» About this exercise:
The task calls for every entry to be printed word for word, without the images.

» Listed records:
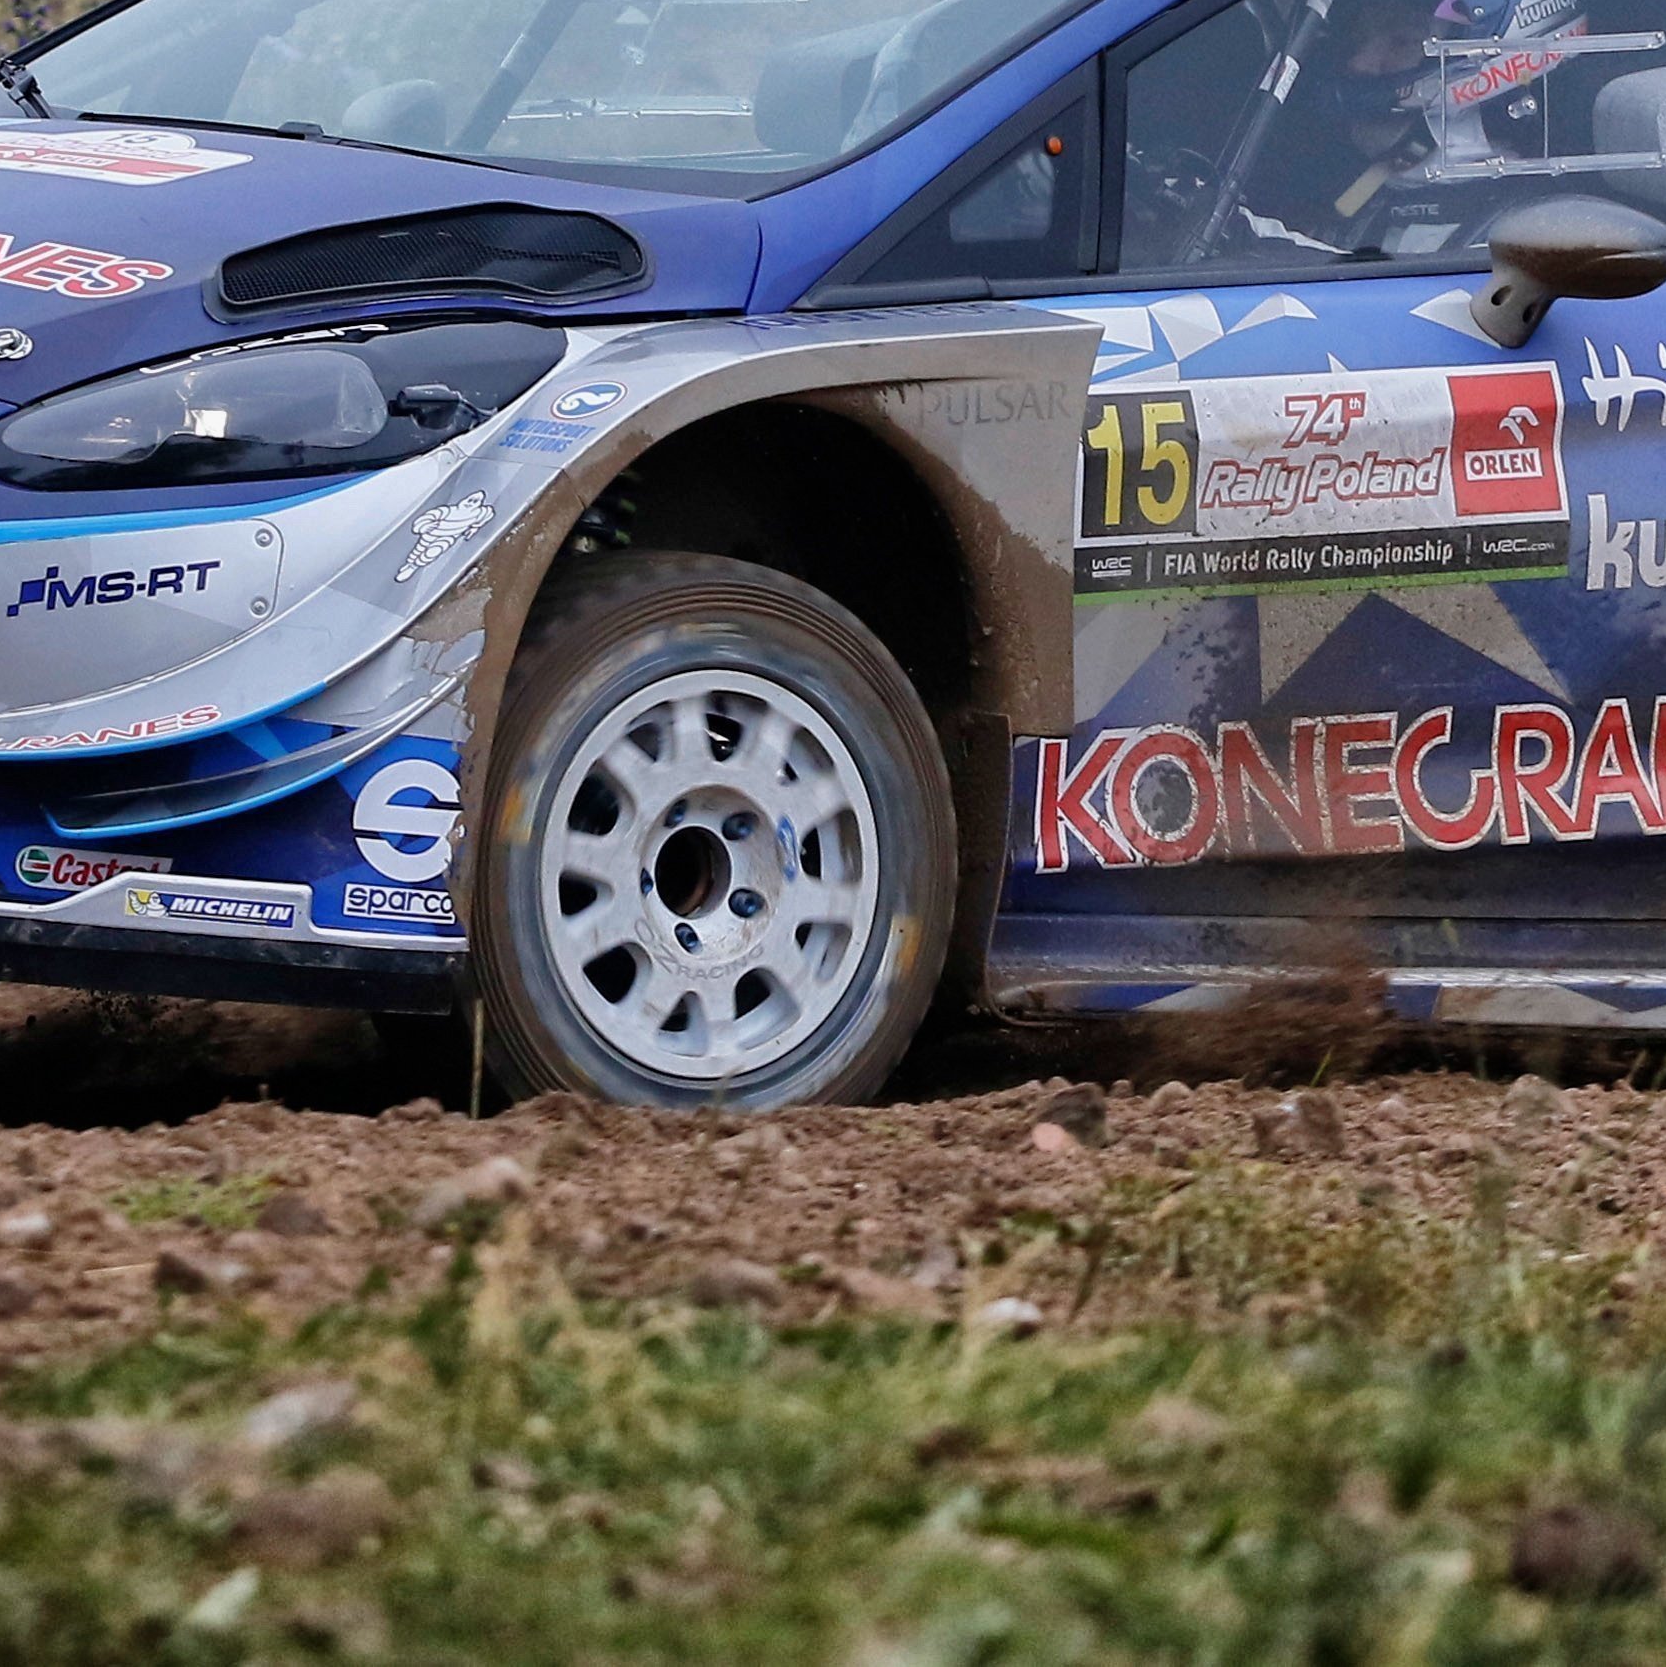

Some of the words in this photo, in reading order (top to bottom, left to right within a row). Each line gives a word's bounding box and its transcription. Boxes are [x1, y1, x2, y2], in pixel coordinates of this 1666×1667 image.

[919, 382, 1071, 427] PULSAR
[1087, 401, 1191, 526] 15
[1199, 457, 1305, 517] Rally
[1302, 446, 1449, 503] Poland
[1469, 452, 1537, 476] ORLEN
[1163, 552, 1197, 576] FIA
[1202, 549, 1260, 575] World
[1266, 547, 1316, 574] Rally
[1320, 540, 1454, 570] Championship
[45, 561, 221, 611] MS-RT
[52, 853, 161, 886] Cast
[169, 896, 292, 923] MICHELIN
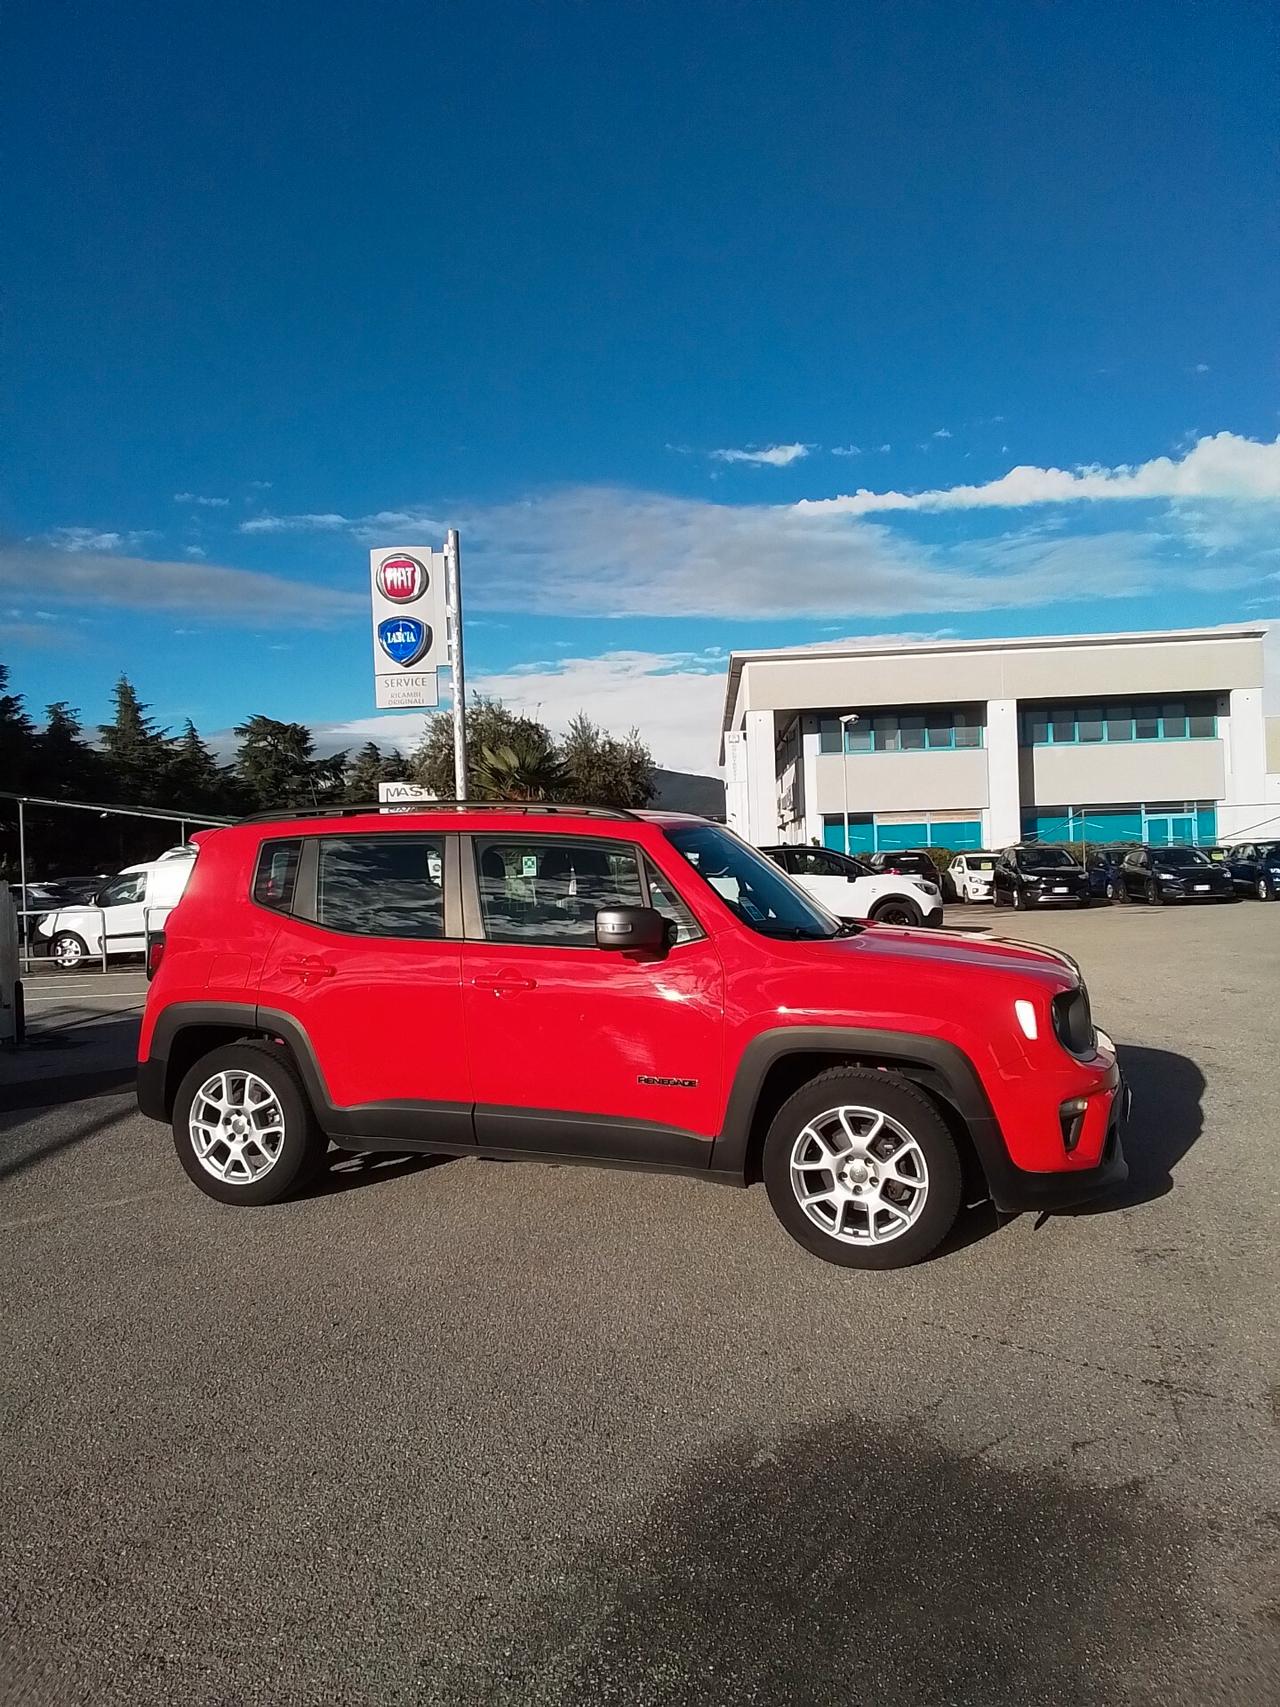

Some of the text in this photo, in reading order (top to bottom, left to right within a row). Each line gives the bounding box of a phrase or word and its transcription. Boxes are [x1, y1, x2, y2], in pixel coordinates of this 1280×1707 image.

» Completed exercise:
Some of the words in this photo, in reading order (top to bottom, left to right within a row). Each line gives a word's bounding box and its transcription. Boxes are [x1, y1, x2, y2], in pixel coordinates of this 1666×1667 image.

[919, 382, 1071, 427] PULSAR
[1087, 401, 1191, 526] 15
[1199, 457, 1305, 517] Rally
[1302, 446, 1449, 503] Poland
[1469, 452, 1537, 476] ORLEN
[1163, 552, 1197, 576] FIA
[1202, 549, 1260, 575] World
[1266, 547, 1316, 574] Rally
[1320, 540, 1454, 570] Championship
[45, 561, 221, 611] MS-RT
[52, 853, 161, 886] Cast
[169, 896, 292, 923] MICHELIN

Some of the text in this photo, in reading order (top to bottom, left to right within a row). Each line gives the bounding box of a phrase or word and its transcription. Boxes are [x1, y1, x2, y2], in pixel coordinates of this 1280×1707 image.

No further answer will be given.